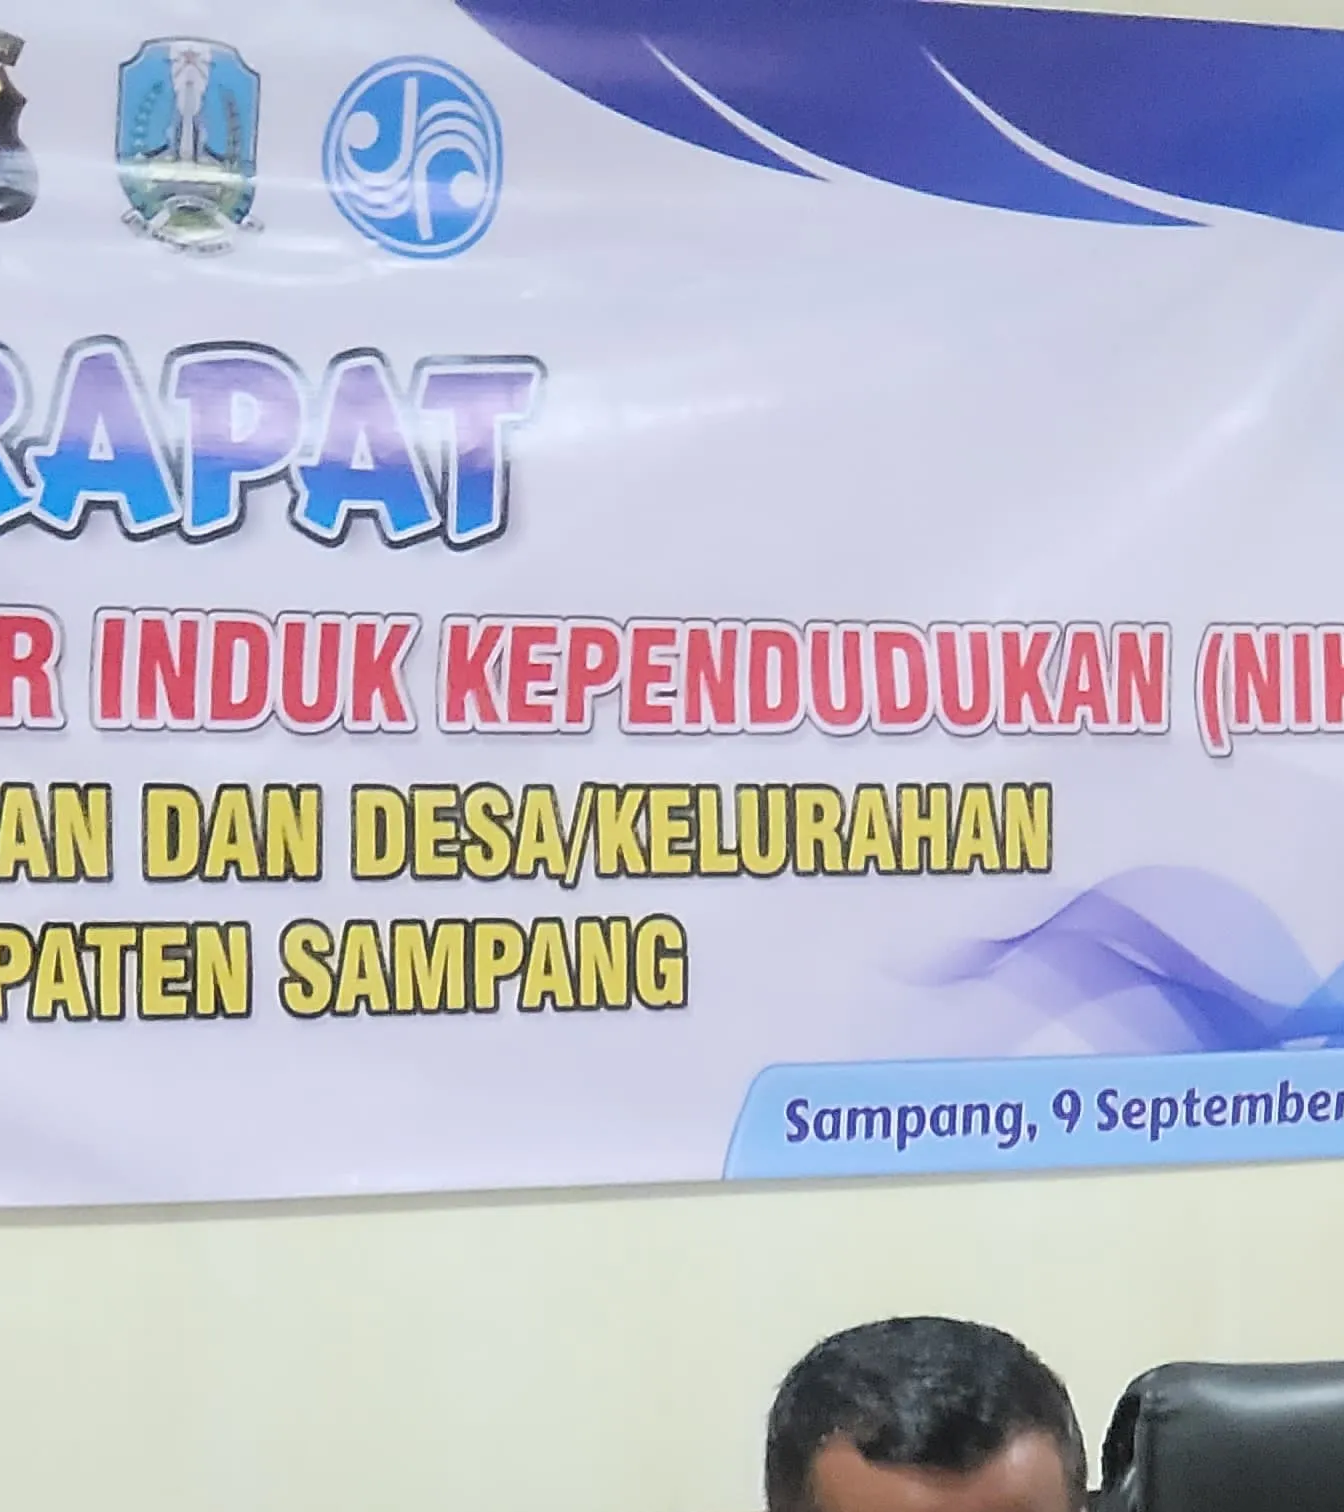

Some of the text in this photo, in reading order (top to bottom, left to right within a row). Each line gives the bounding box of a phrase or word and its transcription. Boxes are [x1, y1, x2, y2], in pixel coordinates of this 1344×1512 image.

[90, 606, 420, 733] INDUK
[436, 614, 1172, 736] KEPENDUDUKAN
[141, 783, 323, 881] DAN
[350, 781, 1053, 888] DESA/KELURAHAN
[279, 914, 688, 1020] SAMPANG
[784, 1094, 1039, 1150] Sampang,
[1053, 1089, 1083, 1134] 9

==*==

▶ **What needs to be done**: An exact copy of all the entries is required, and it must contain no pictures.

▶ **Exercise response**:
Some of the text in this photo, in reading order (top to bottom, left to right within a row). Each line gives the bounding box of a phrase or word and its transcription. Boxes are [x1, y1, x2, y2], in pixel coordinates of this 1344×1512 image.

[90, 606, 420, 733] INDUK
[436, 614, 1172, 736] KEPENDUDUKAN
[141, 783, 323, 881] DAN
[350, 781, 1053, 888] DESA/KELURAHAN
[279, 914, 688, 1020] SAMPANG
[784, 1094, 1039, 1150] Sampang,
[1053, 1089, 1083, 1134] 9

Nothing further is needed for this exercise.